We depend on big farms for our food. For crops, that means a lot of fertilizer; for animals, that means a lot of waste. For the lakes near these farms, that means a lot of phosphorus.
Phosphorus washes into lakes with manure and fertilizer and the erosion of phosphorus-rich, fertilized soil. Cyanobacteria feast on that glut of nutrients and their populations explode, with dramatic consequences for the aquatic life in the lake and the people who depend on it. The toxic bloom of cyanobacteria that made Toledo’s water undrinkable in the summer of 2014 is just one example of what can happen when the biochemistry of a lake drifts out of balance.
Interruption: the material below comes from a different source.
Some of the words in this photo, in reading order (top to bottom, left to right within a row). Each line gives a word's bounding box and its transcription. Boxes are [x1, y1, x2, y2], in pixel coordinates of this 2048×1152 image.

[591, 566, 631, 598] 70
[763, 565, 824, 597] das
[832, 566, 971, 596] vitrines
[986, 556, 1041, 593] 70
Steve Carpenter, a professor at the University of Wisconsin-Madison and the director of its Center for Limnology, describes phosphorus management as the “keystone” issue for healthy lakes. “If we can get phosphorus under control,” he said, “we have a much better shot at dealing with all of the other problems that the lakes have,” like invasive species, which can swoop in when a lake’s nutrient levels are unbalanced. There are ways to slow the gush of phosphorus into nearby lakes, such as contour plowing and winter cover crops, but Carpenter explains that the phosphorus load has gotten so high that those kinds of strategies “almost don’t matter anymore.” Instead, we have to remove phosphorus from the system entirely.
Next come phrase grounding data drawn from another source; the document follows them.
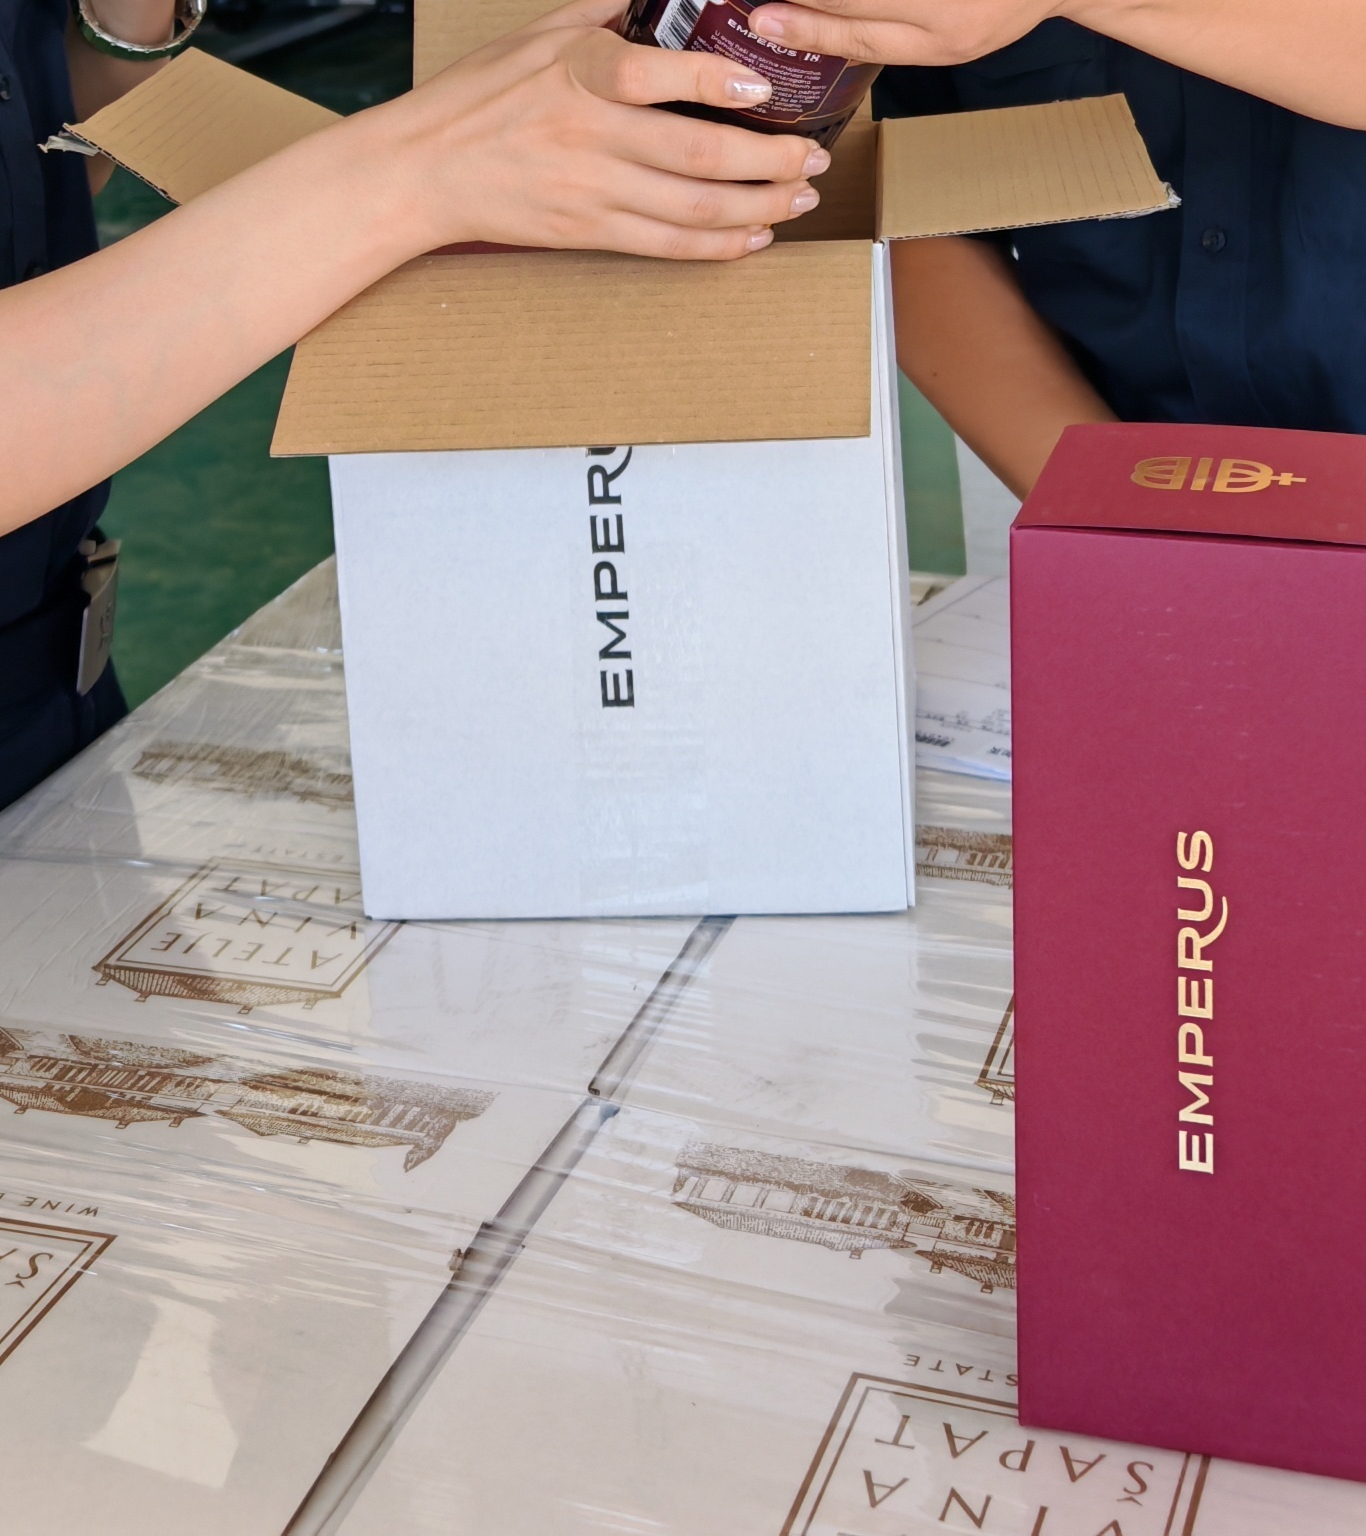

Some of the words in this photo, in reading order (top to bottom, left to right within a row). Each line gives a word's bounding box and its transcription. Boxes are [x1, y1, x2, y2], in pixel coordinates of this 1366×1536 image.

[727, 18, 797, 57] EMPERUS
[802, 52, 821, 63] 18
[584, 446, 635, 709] EMPER
[210, 876, 363, 905] APAT
[194, 902, 358, 940] VINA
[150, 931, 344, 970] ATELJE
[1177, 829, 1228, 1175] EMPERUS
[20, 1196, 99, 1217] WINE
[903, 1353, 1019, 1387] STATE
[874, 1414, 1154, 1506] ŠAPAT
This summer Madison, Wisconsin, unveiled its new phosphorus recycling facility, the state’s first. It’s part of a strategy by the city’s wastewater-treatment utility to reduce the amount of phosphorus that ends up in the lakes. The recycling program takes most of the phosphorus out of the agricultural fertilizer that the plant produces and puts it in a lake-friendly fertilizer designed to be used on urban lawns and gardens.
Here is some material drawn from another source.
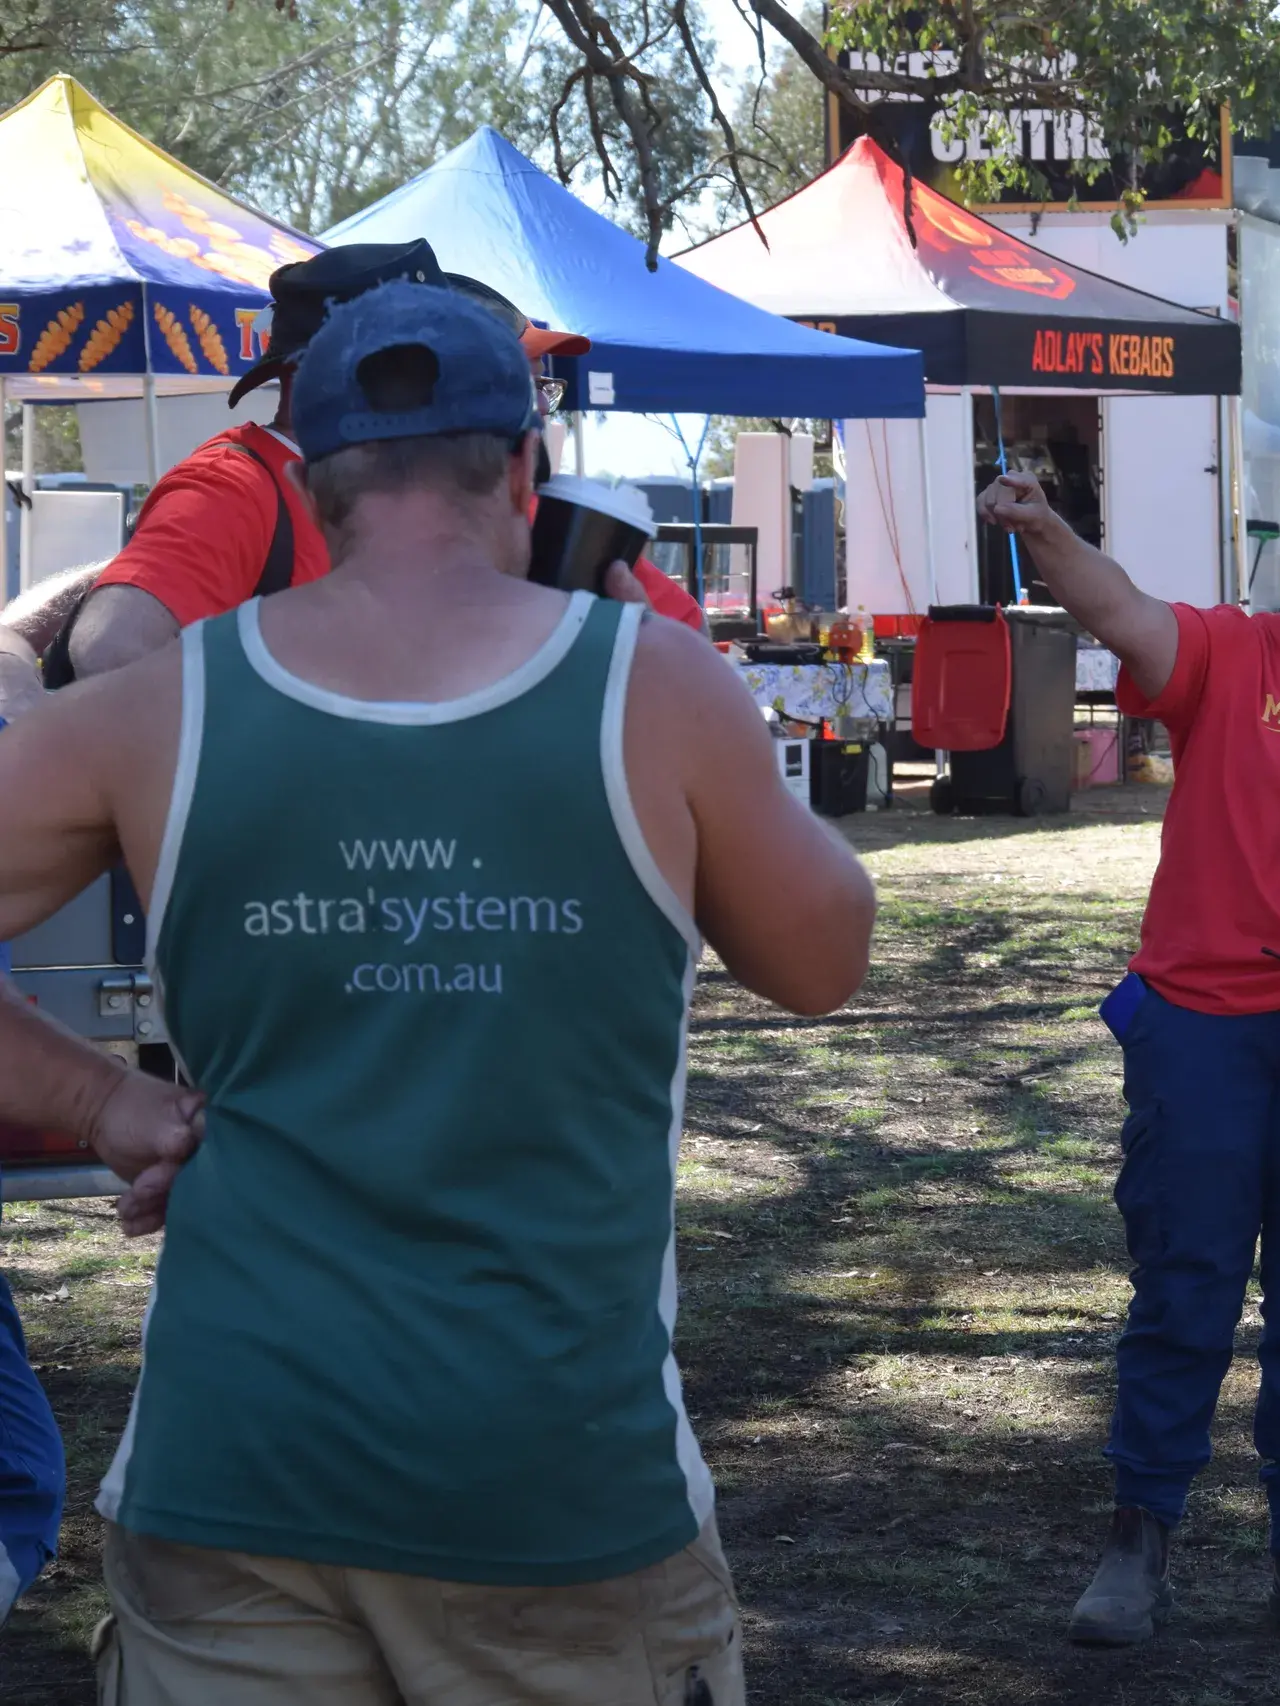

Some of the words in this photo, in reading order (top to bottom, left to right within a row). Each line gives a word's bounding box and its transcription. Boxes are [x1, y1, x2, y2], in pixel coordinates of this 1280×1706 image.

[929, 108, 1112, 163] CENTRE
[1031, 329, 1104, 374] ADLAY'S
[1108, 333, 1175, 379] KEBABS
[343, 962, 503, 994] .com.au
Steve Reusser, an operations engineer who helped develop the phosphorus harvesting process, explains that it relies on a careful combination of engineering and biology. Certain species of bacteria, which, like plants, also need phosphorus to survive, either absorb or release phosphorus depending on whether there is oxygen present or not. Wastewater is full of phosphorus from human waste. At the treatment facility, it’s stocked with what Reusser characterizes as “a zoo of different kinds of bacteria.” As it wends its way through the facility’s tanks and filters, the oxygen concentration and filtration systems are manipulated in concert to yield two separate products: a sludgy solid that contains a lot of bacteria and not much phosphorus, and water that is phosphorus rich.